Most teams assume that they won’t be able to prevent every attempt and instead focus their security around their most critical data assets, by monitoring all activity to those resources and flagging or preventing unusual access internally.
These changes the threat from one of identifying the wrong person using the right credentials, to a threat of the right credential doing very unusual things which is easier to detect and differentiate from previous modelled behaviour.
SailPoint CMO Juliette Rizkallah
The latest mega breach of billions of records is a hard-learned lesson that good password hygiene is paramount, and more needs to be done to ensure proper password management.
80% of SailPoint Market Pulse Survey’s Australian respondents admitted to reusing passwords across accounts, both work and personal.
This is a needless risk as we continue to learn that the impact of old breaches lingers and newer threats like credential stuffing give hackers a new way to take advantage of users who don’t follow password best practices.
While people cannot protect data that has already been compromised, they can certainly take steps now to protect their sensitive information from being affected again.
Select longer and more complex passwords and add special and mixed case characters.
Be unique and never use the same password across different websites.
Finally, just watch the road. Always be aware of where you are on the Internet and take specific note of anything and anybody that asks you to ‘login’ or provide any ‘secrets’ or personal information.”
Digital Guardian cybersecurity vice president Tim Bandos
In situations like this, the practice of good password hygiene becomes critical otherwise you’re putting sensitive accounts and credentials at risk.
We know that in addition to credit cards, email addresses and PII, password credentials are highly sought-after by cybercriminals – so use a different password for each of your online accounts.
Consider using a password manager.
There are a number of easy-to-use password apps out there, many of which are free.
Make sure your passwords are unique and complex to ensure that hackers cannot guess them. If you’re notified that your account has been compromised, change your password immediately.
Lastly, where possible, enable multi-factor authentication.
Popular websites like Facebook, Gmail and Skype all offer this service.
Rich Campagna, CMO, Bitglass
Acquiring credentials to access sensitive data is increasingly easy and incredibly lucrative for today's hackers, and allowing the exposure of 2.2 billion records to the public internet is a significant offense by the organisation.
Leaked credentials leave individuals vulnerable to account hijacking across all services where they recycle their usernames and passwords.
Unfortunately, this includes the corporate accounts they use for work purposes, meaning that their employers are also put at risk.
Enterprises must follow best practices in authenticating users, starting with a proactive approach to identifying suspicious logins.
Security technologies like data loss prevention (DLP), multi-factor authentication (MFA), and data encryption are much more effective than basic password protection.”
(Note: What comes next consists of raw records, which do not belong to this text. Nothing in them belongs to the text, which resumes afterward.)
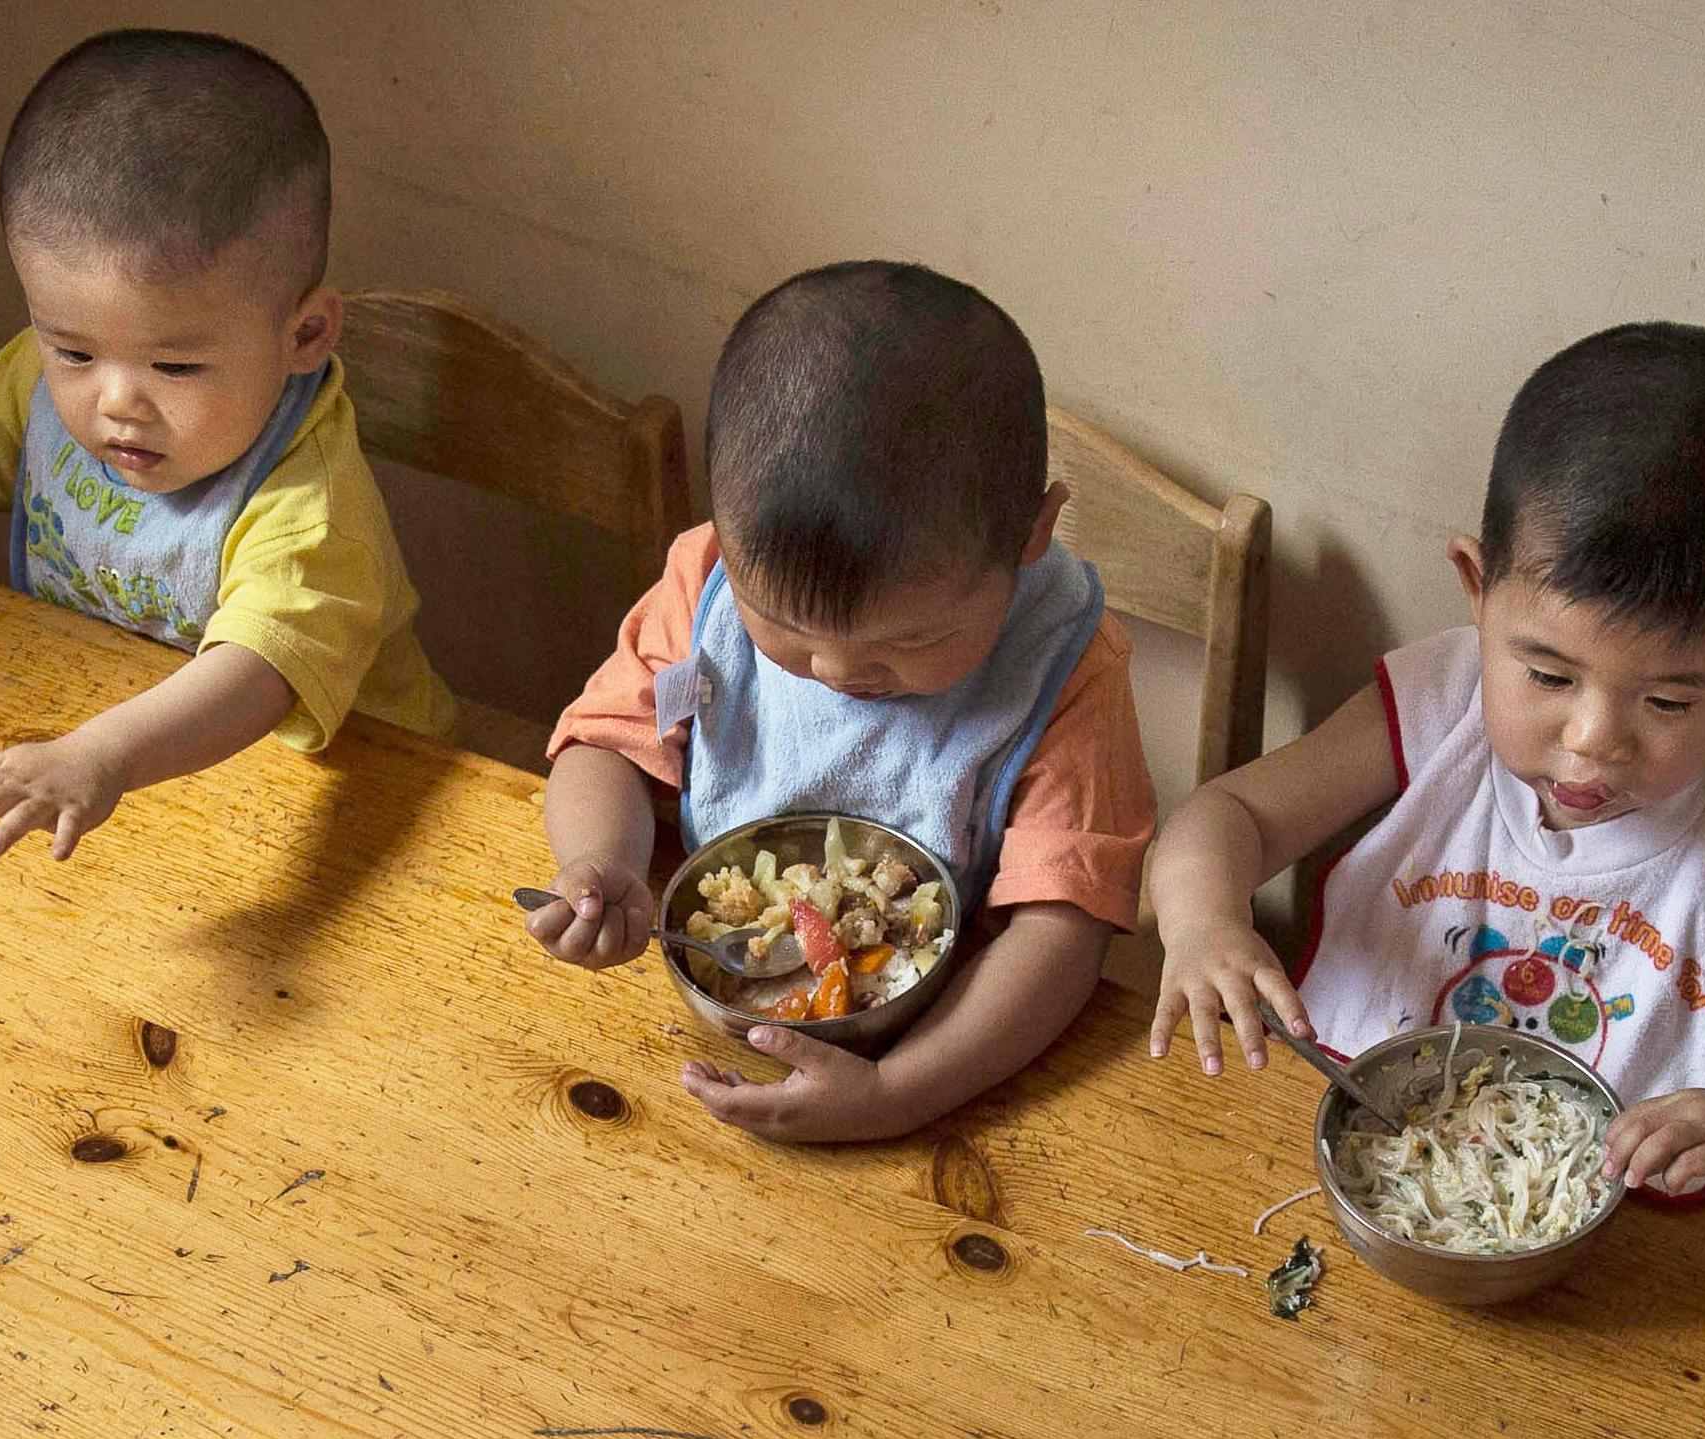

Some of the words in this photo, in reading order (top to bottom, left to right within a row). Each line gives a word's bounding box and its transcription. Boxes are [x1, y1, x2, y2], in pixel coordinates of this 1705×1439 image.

[65, 461, 145, 535] LOVE
[1393, 868, 1540, 911] Immunise
[1607, 901, 1674, 971] time
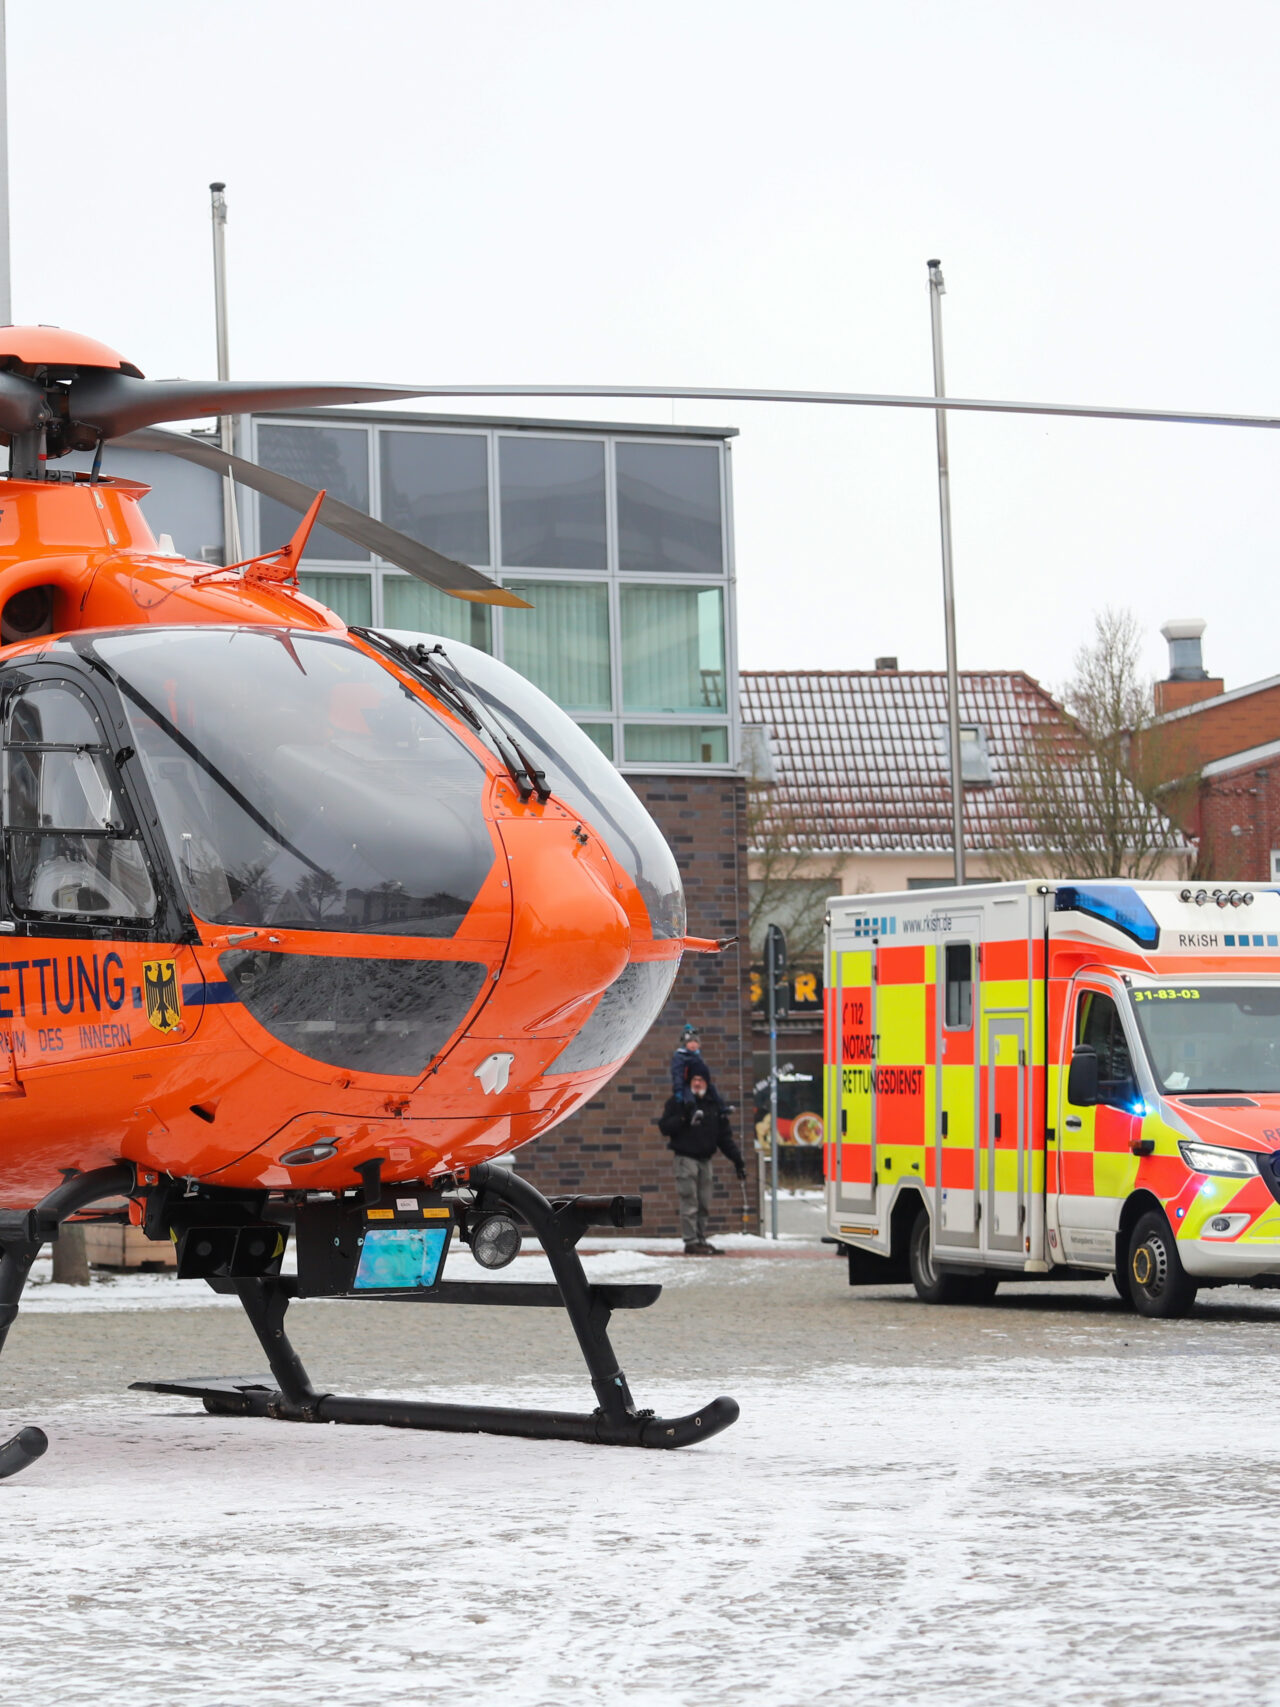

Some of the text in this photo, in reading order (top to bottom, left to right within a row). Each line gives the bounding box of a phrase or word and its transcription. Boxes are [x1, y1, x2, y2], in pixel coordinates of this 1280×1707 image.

[902, 915, 952, 933] www.rkish.de
[1133, 989, 1200, 1001] 31-83-03
[850, 1003, 863, 1025] 112
[38, 1028, 64, 1052] DES
[79, 1023, 132, 1049] INNERN
[842, 1034, 880, 1060] NOTARZT
[842, 1068, 923, 1096] RETTUNGSDIENST
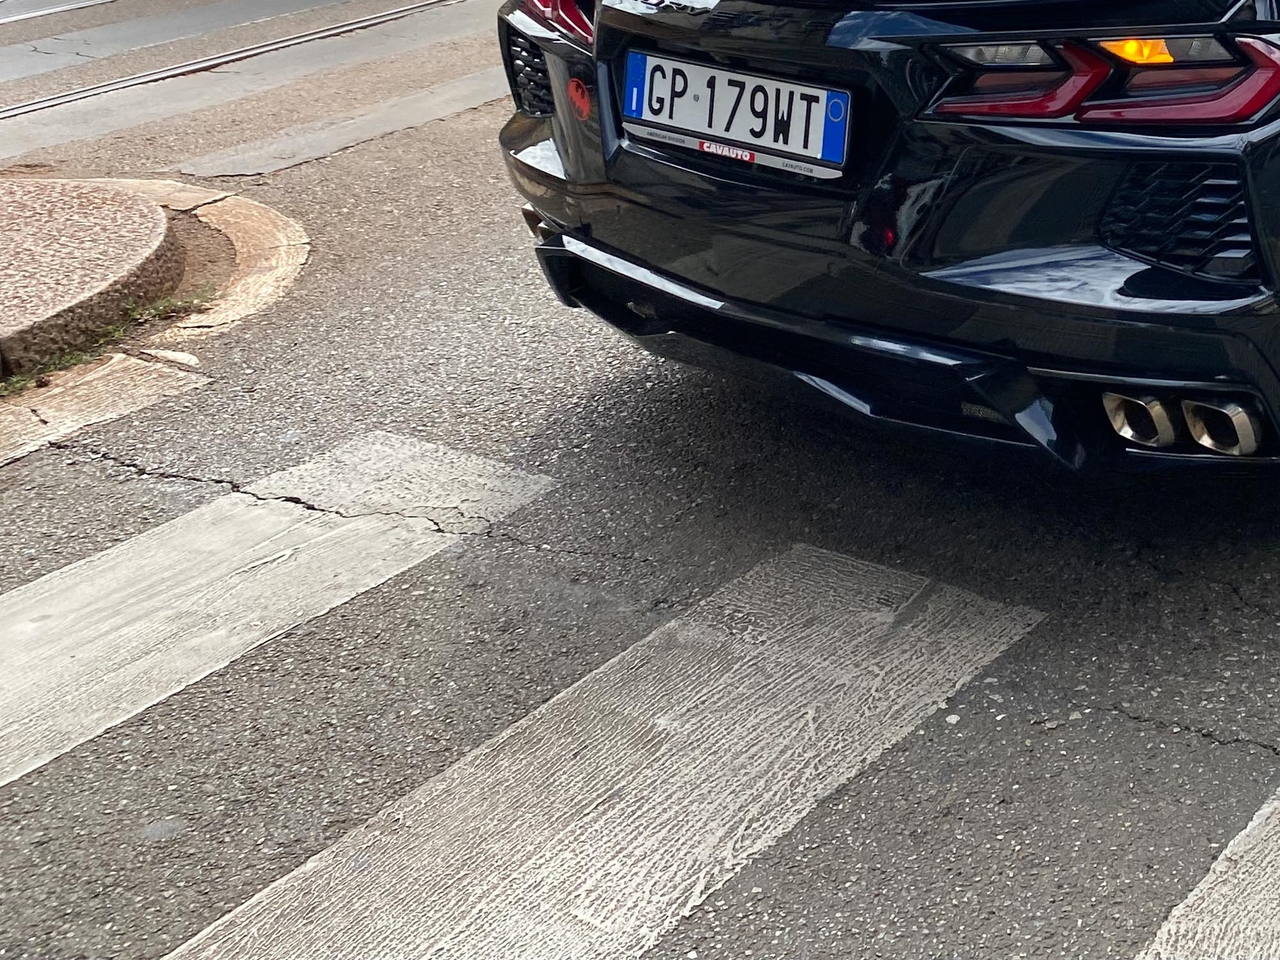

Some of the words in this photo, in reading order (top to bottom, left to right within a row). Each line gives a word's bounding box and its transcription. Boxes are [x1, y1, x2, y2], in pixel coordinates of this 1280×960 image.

[647, 64, 688, 120] GP
[706, 75, 820, 150] 179WT
[646, 131, 668, 141] AMERICAN
[703, 143, 751, 160] CAVAUTO
[782, 161, 814, 174] CAVAUTO.COM
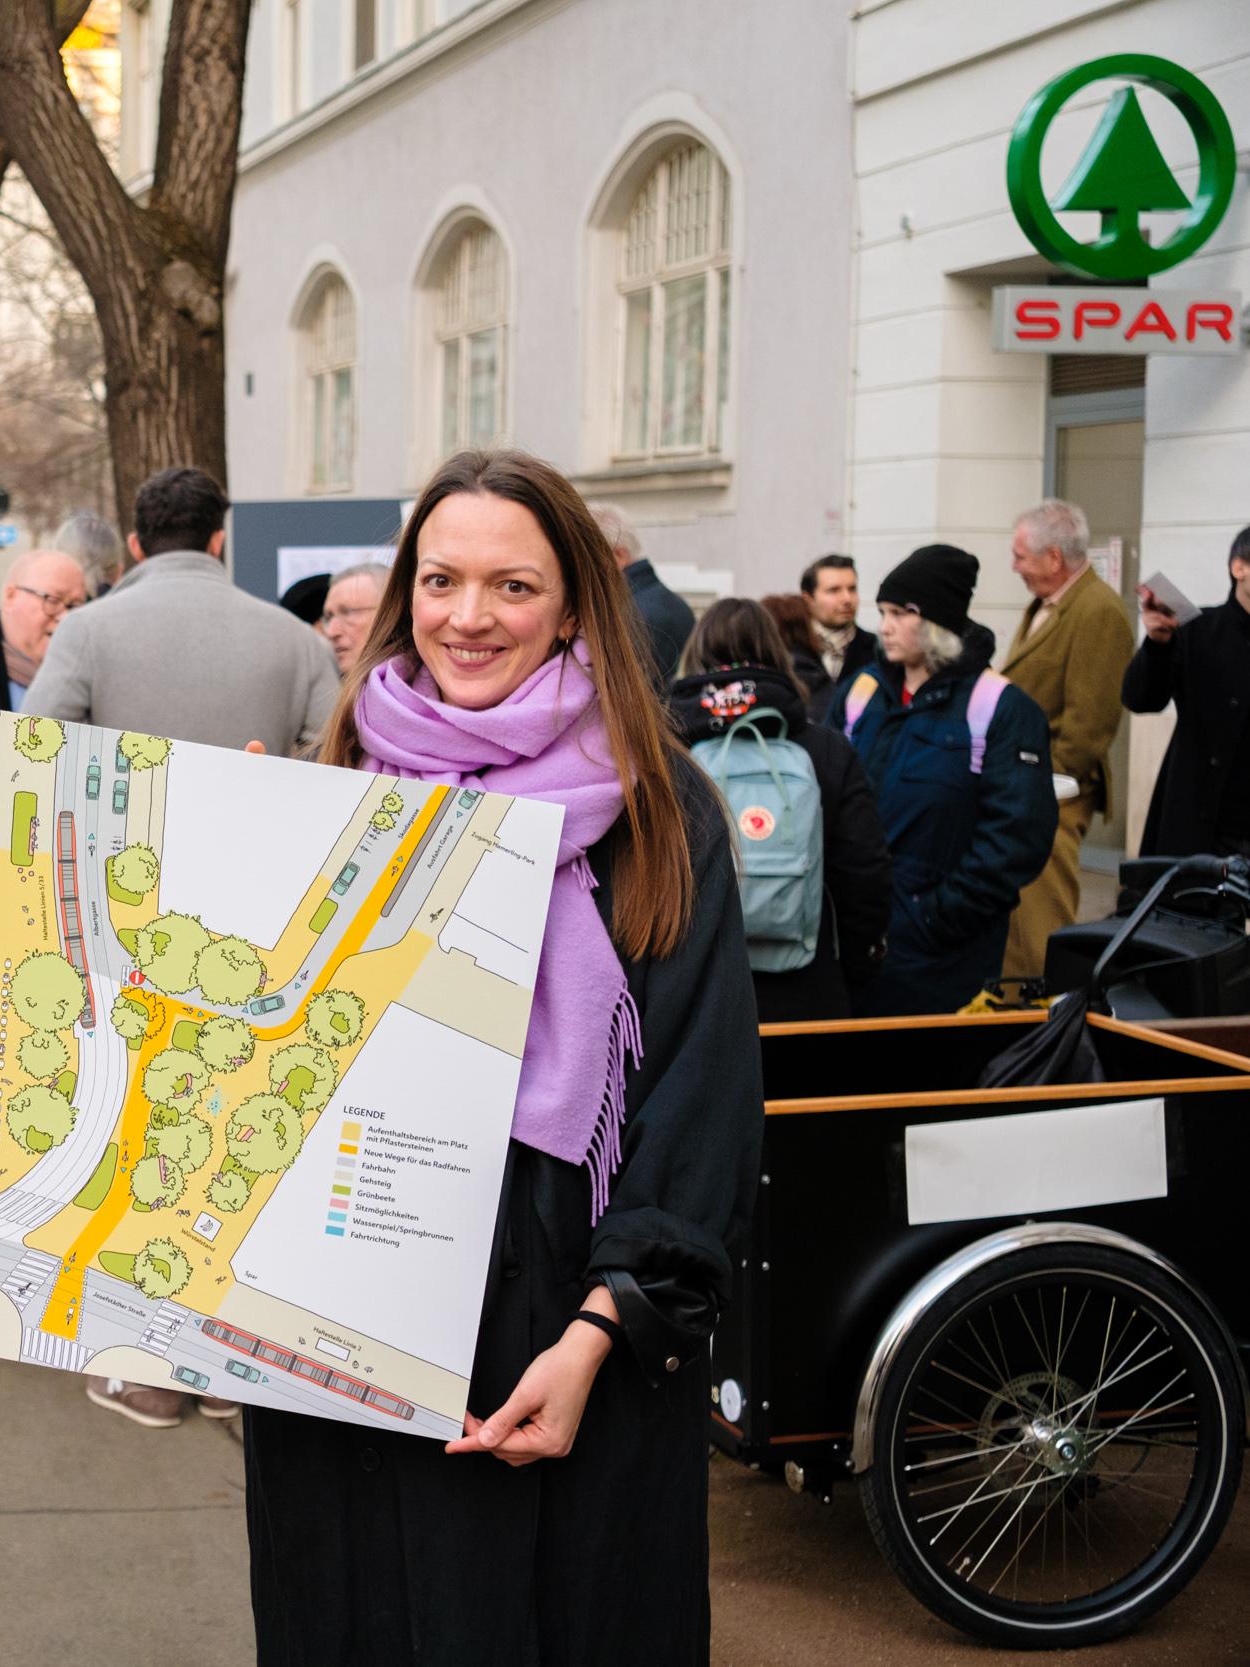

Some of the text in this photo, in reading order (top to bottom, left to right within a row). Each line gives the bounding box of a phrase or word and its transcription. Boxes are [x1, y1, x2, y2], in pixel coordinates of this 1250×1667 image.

[1015, 300, 1233, 341] SPAR
[398, 808, 420, 839] Skodagasse
[427, 825, 454, 869] Ausfahrt Garage
[471, 831, 492, 847] Zugang
[91, 901, 99, 936] Albertgasse
[343, 1105, 386, 1120] LEGENDE
[366, 1135, 434, 1153] mit Pflastersteinen
[367, 1126, 436, 1144] Aufenthaltsbereich
[450, 1140, 468, 1150] Platz
[361, 1162, 396, 1174] Fahrbahn
[364, 1148, 471, 1174] Neue Wege für das Radfahren
[359, 1176, 392, 1189] Gehsteig
[357, 1190, 396, 1203] Grünbeete
[355, 1203, 419, 1221] Sitzmöglichkeiten
[181, 1228, 216, 1252] Würstelstand
[350, 1231, 400, 1248] Fahrtrichtung
[352, 1217, 454, 1242] Wasserspiel/Springbrunnen
[245, 1270, 258, 1281] Spar
[92, 1292, 147, 1318] Josefstädter Straße
[313, 1326, 342, 1343] Haltestelle
[343, 1339, 357, 1350] Linie
OneSpan innovation centre chief security architect Steven Murdoch
This password leak shows that large quantities of stolen passwords are readily available to anyone, regardless of how low their budget.
However, data from recent breaches will be considerably more expensive to obtain.
Companies should recognise the limitations of password authentication and are in the best position to mitigate the weaknesses. They should implement additional measures, such as the detection of suspicious behaviour.
Two-factor authentication, or even better, FIDO/U2F, should be offered to customers. Customers can also help by not re-using passwords across multiple sites and using a password manager if needed.
The website TwoFactorAuth.org gives instructions on how to enable two-factor authentication on many popular sites, as enabling 2FA, and preferably FIDO/U2F, will significantly help to improve their security.